Saturday, November 5, 2016

Facts about The Lisbon Earthquake of 1755

The Great Earthquake, Tsunami and Tidal Waves of 1755
On November 1, 1755, a devastating earthquake hit Lisbon, Portugal, killing as many as 50,000 people. The city was virtually rebuilt from scratch following the widespread destruction.
Lisbon was Portugal’s capital and largest city during the prosperous 18th century, when diamonds and gold from the Portuguese colony in Brazil made many in the country wealthy. About 10 percent of Portugal’s 3 million people lived in Lisbon and, as one of the biggest ports on the Atlantic Ocean, the city played a critical role in world trade. In 1755, Lisbon was also a major center of Catholicism and was home to Catholic religious authorities.

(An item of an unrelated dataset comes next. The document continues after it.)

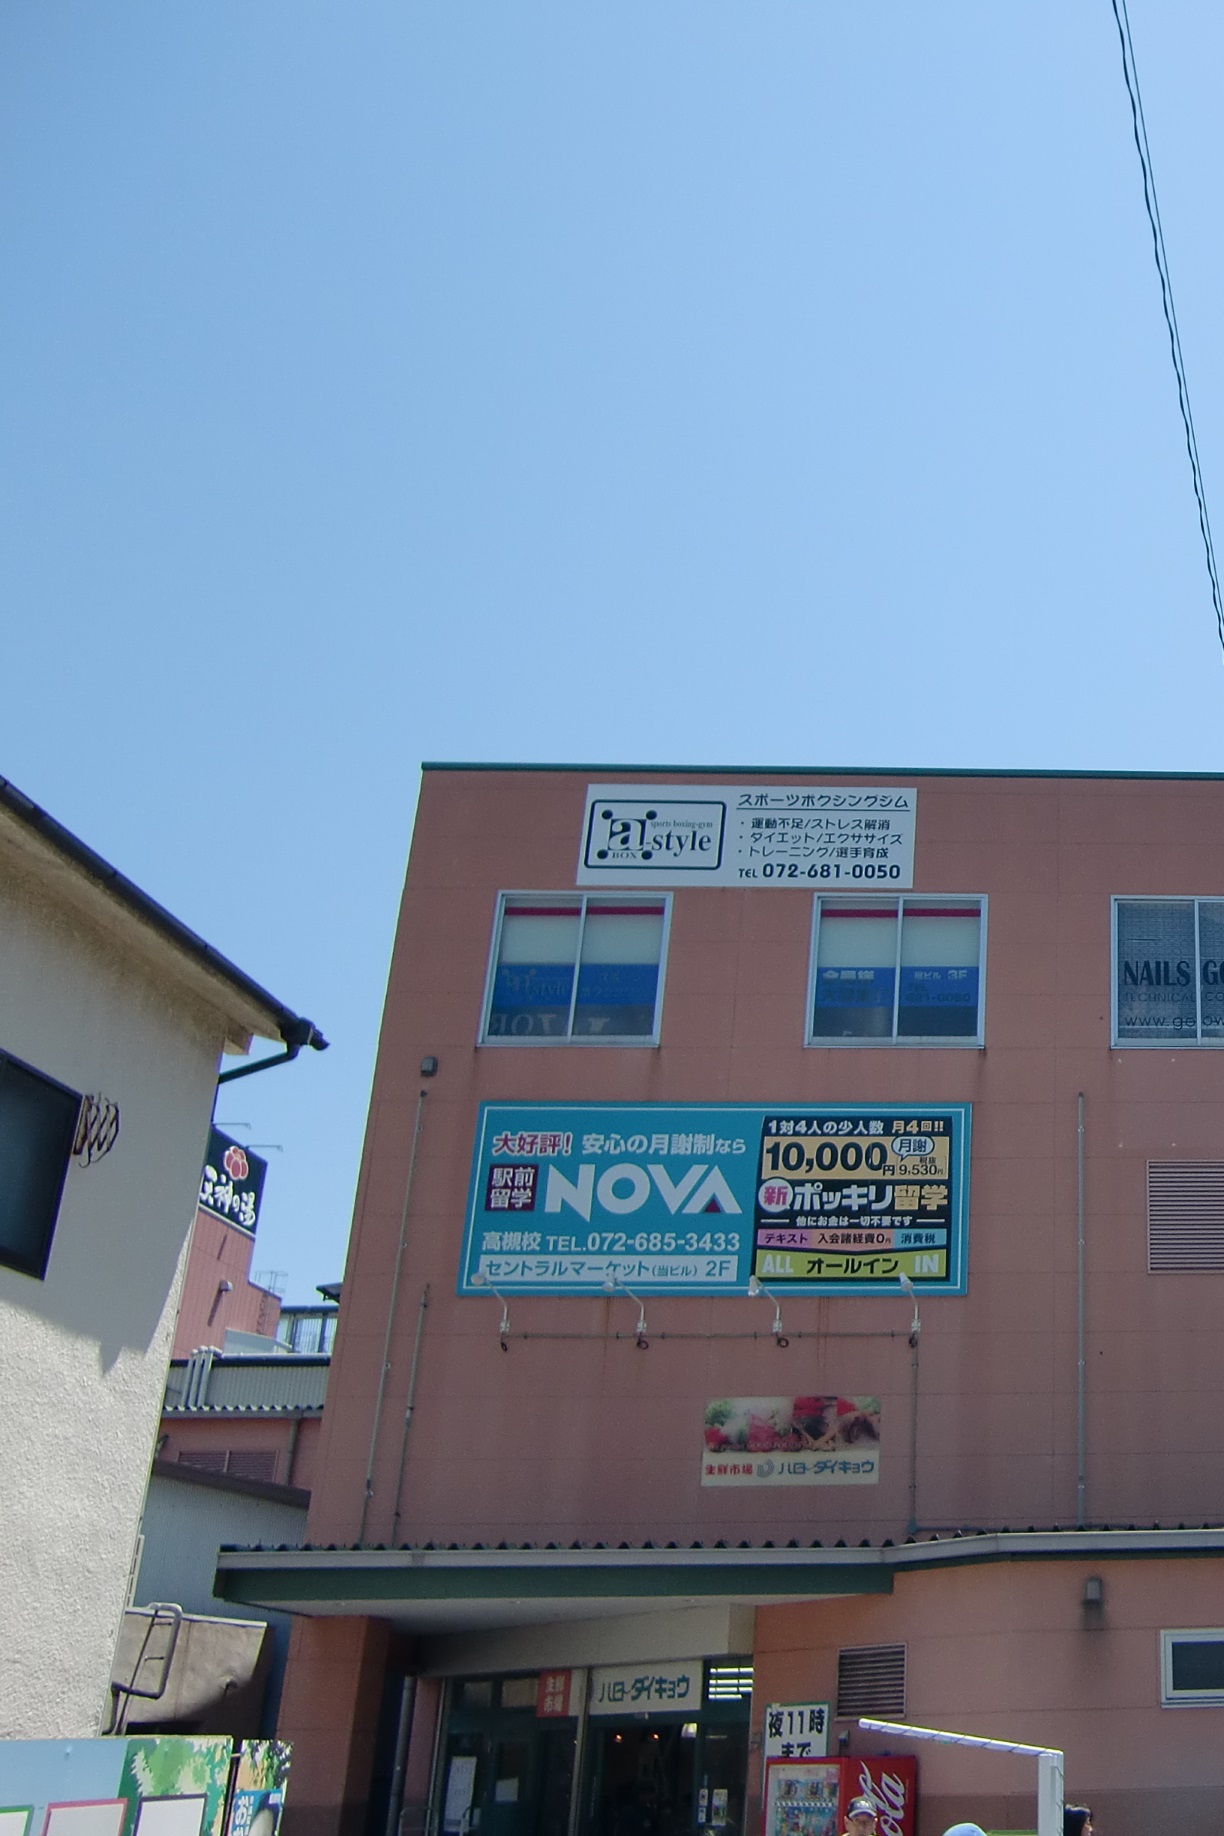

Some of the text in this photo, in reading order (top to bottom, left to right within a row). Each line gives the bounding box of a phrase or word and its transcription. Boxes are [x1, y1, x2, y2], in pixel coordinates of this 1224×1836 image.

On All Saints Day (November 1) three tremors over the course of 10 minutes suddenly struck Lisbon. The worst of the quakes is thought to have had a magnitude of 8.0, though this is just an estimate as no recording equipment existed at the time. The shaking was felt as far away as Morocco.
The devastating effects of the earthquake were felt throughout the city. Close to the coast, a 20-foot tsunami rushed ashore and killed thousands. Many people were observing All Saints Day in churches at the time and died when the buildings collapsed. Fires broke out all over the city and winds spread the flames quickly. The royal palace was destroyed, as were thousands of homes. Much of the country’s cultural history, preserved in books, art and architecture, was wiped away in an instant. Many of the city’s residents, including hundreds of escaped prisoners, fled Lisbon immediately. The death toll has been estimated at between 10,000 and 50,000.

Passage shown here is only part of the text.